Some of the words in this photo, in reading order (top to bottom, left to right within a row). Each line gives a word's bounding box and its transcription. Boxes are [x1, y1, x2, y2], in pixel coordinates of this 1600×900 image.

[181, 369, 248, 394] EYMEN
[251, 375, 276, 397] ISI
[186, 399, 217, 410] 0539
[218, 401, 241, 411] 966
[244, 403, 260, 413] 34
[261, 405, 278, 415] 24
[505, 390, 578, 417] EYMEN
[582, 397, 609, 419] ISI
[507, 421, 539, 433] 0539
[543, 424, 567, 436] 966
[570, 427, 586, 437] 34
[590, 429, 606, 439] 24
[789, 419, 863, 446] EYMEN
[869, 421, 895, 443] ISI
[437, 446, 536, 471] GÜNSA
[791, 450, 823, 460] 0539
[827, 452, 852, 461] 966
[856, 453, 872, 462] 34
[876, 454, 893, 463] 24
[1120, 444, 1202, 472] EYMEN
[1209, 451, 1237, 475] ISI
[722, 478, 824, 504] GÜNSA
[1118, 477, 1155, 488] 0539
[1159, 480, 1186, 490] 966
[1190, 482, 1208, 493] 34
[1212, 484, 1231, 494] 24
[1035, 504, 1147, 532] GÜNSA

◆ ◆ ◆

* **What to work on**:
Nothing may change. Retype all of the entries.

* **Finished exercise**:
Some of the words in this photo, in reading order (top to bottom, left to right within a row). Each line gives a word's bounding box and its transcription. Boxes are [x1, y1, x2, y2], in pixel coordinates of this 1600×900 image.

[181, 369, 248, 394] EYMEN
[251, 375, 276, 397] ISI
[186, 399, 217, 410] 0539
[218, 401, 241, 411] 966
[244, 403, 260, 413] 34
[261, 405, 278, 415] 24
[505, 390, 578, 417] EYMEN
[582, 397, 609, 419] ISI
[507, 421, 539, 433] 0539
[543, 424, 567, 436] 966
[570, 427, 586, 437] 34
[590, 429, 606, 439] 24
[789, 419, 863, 446] EYMEN
[869, 421, 895, 443] ISI
[437, 446, 536, 471] GÜNSA
[791, 450, 823, 460] 0539
[827, 452, 852, 461] 966
[856, 453, 872, 462] 34
[876, 454, 893, 463] 24
[1120, 444, 1202, 472] EYMEN
[1209, 451, 1237, 475] ISI
[722, 478, 824, 504] GÜNSA
[1118, 477, 1155, 488] 0539
[1159, 480, 1186, 490] 966
[1190, 482, 1208, 493] 34
[1212, 484, 1231, 494] 24
[1035, 504, 1147, 532] GÜNSA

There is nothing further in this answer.